After an inner search, I realized that there really wasn’t anything I needed to say. So I stopped writing as a hobby, and basically limited myself to work-related writing. Although, I must admit that as a family law attorney, some of my client Declarations that were filed with the Court were rather fine examples of creative writing.
Now, at this time in my life, I do find that I have something to say. I Plan to say it here.
Taubes - Chapter 06 - Thermodynamics for Dummies, Part 1 - POSTED ON: Jan 01, 2011
Taubes starts out
“The very notion that we get fat because we consume more calories than we expend would not exist without the misapplied belief that the laws of thermodynamics make it true. … Obesity is not a disorder of energy balance, or calories-in/calories-out or overeating, and thermodynamics has nothing to do with this.”
There are three laws of thermodynamics.
“The first one…is known as the law of energy conservation: all it says is that energy is neither created nor destroyed but can only change from one form to another.”
He goes on
“All the first law says is that if something gets more or less massive, then more energy or less energy has to enter it than leave it. It says nothing about why this happens. It says nothing about cause and effect.
It doesn’t tell us why anything happens; it only tells us what has to happen if that thing happens. A logician would say that it contains no causal information.”
As an example, Taubes suggests that instead of talking about why we get fat, we could talk about why a room gets crowded. In this example the energy we’re discussing is energy in entire people, rather than just their fat.
So, we want to know why this room is crowded and so overstuffed with energy (people).
If I said, “the room is crowded because more people entered than left,”
You’d say…”Of course…But Why?”
If I then said, “rooms that have more people enter than leave will become more crowded. There’s no getting around the laws of thermodynamics”.
You’d say…”So what.?”…because I still haven’t given you any reason why. I’m just repeating the obvious.
Taubes says
“This is what happens when thermodynamics is used to conclude that overeating makes us fat. Thermodynamics tells us that if we get fatter and heavier, more energy enters our body than leaves it. Overeating means we’re consuming more energy than we’re expending. It says the same thing in a different way.
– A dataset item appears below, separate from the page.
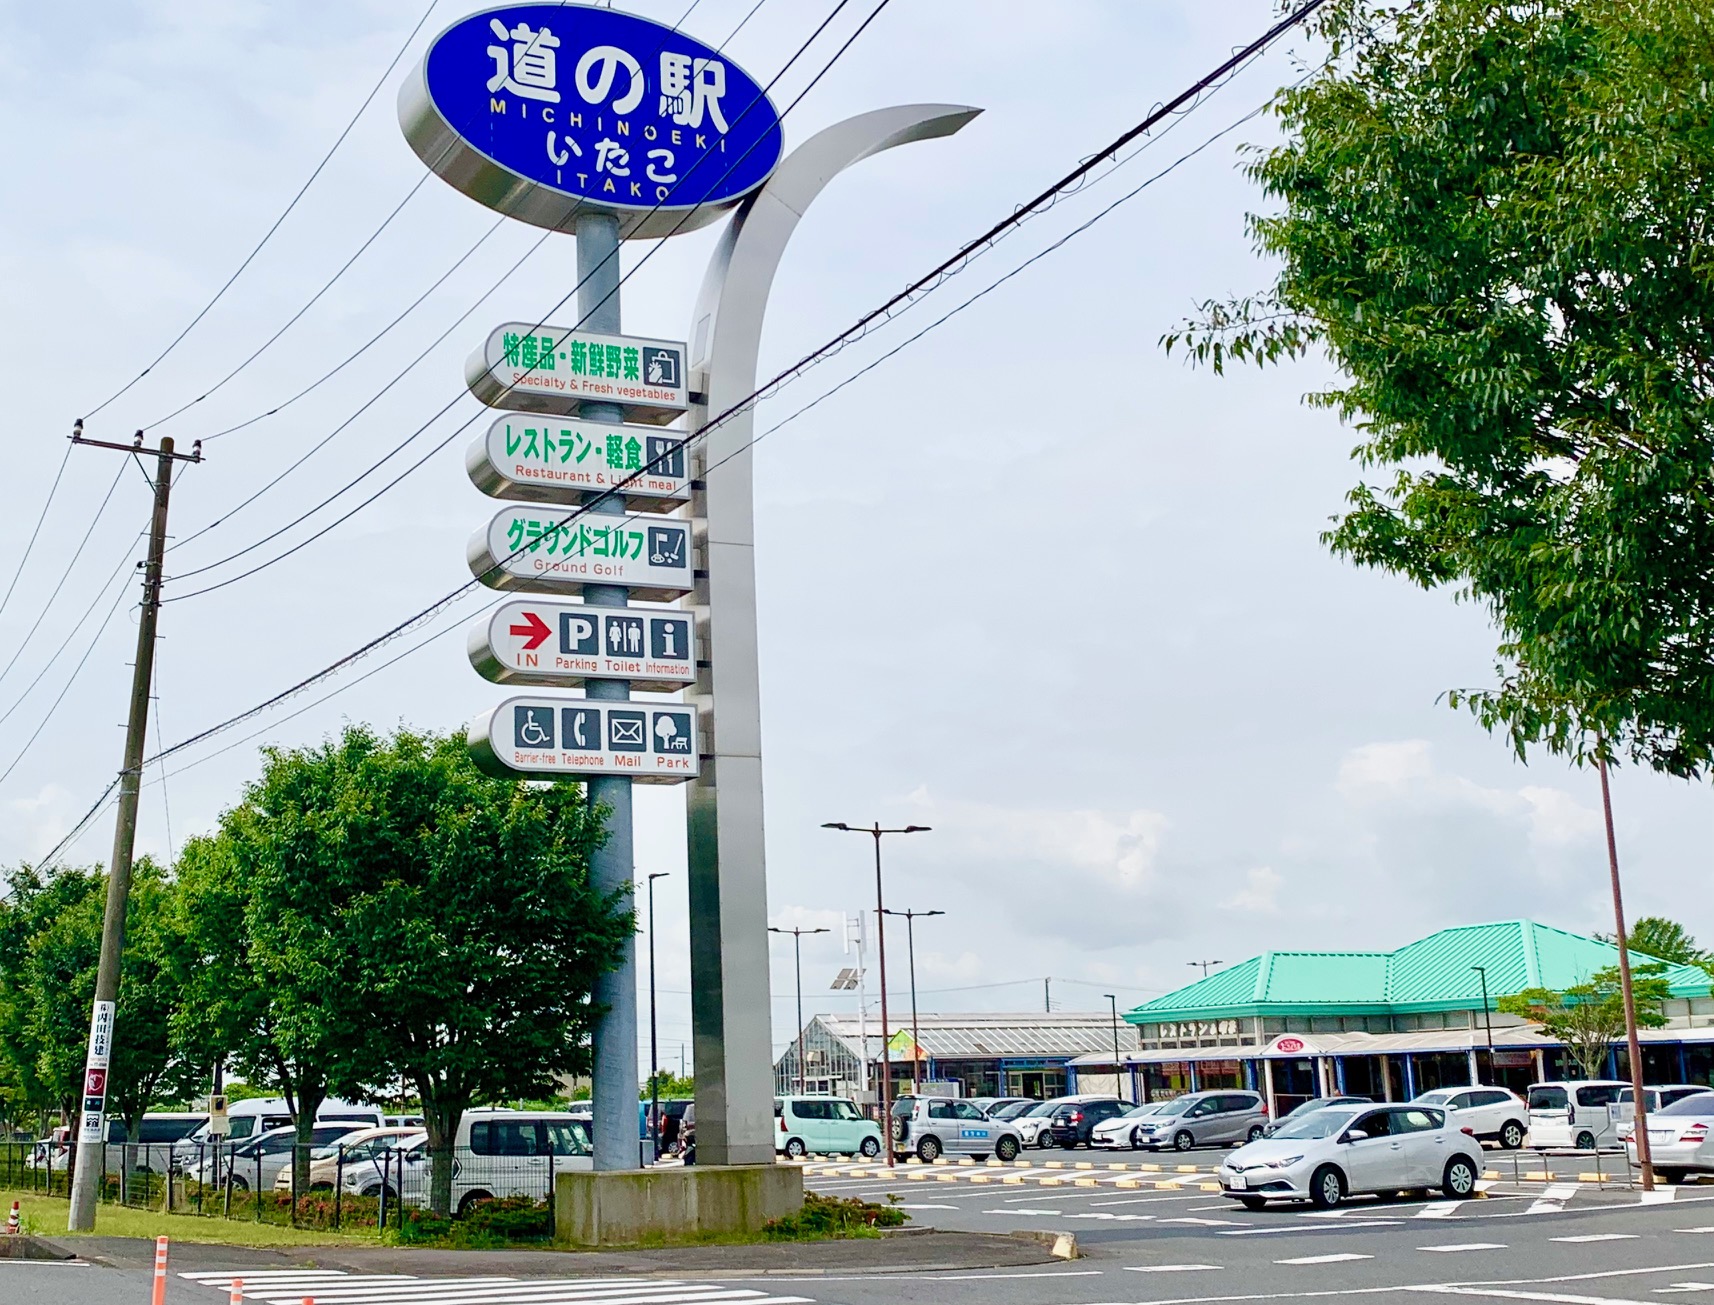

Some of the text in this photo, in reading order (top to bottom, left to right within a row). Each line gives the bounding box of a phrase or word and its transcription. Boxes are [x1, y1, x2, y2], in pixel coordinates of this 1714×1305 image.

Neither happens to answer the question why. Why do we take in more energy than we expend? Why do we overeat? Why do we get fatter?”
He goes on:
"The vast majority of experts who say that we get fat because we overeat or we get fat as a result of overeating …are making the kind of mistake that…should earn a failing grade in a high-school science class.”
Taubes says maybe we should start with the 1998 National Institutes of Health report that said:
“Obesity is a complex, multifactorial chronic disease that develops from an interaction of genotype and the environment.
Our understanding of how and why obesity develops is incomplete, but involves the integration of social, behavioral, cultural, physiological, metabolic and genetic factors.”
I’ve read many books and online discussions about the First Law of Thermodynamics. So, despite my lack of knowledge about such Scientific issues, I am familiar with what that First Law says.
Usually in these discussions, people wind up arguing about things like the differences between energy burned inside an open container and energy burned inside a closed container.
Frankly, this tends to make my eyes glaze over, and I want them to talk about something more interesting to me, or at least, something I could better understand.
I like the fact that Taubes gives a simple explanation of the First Law of Thermodynamics and how, while that Law is always True, it doesn’t explain what causes of obesity.
Also I definitely agree that obesity is a very complicated disease and that no one completely understands how and why it happens.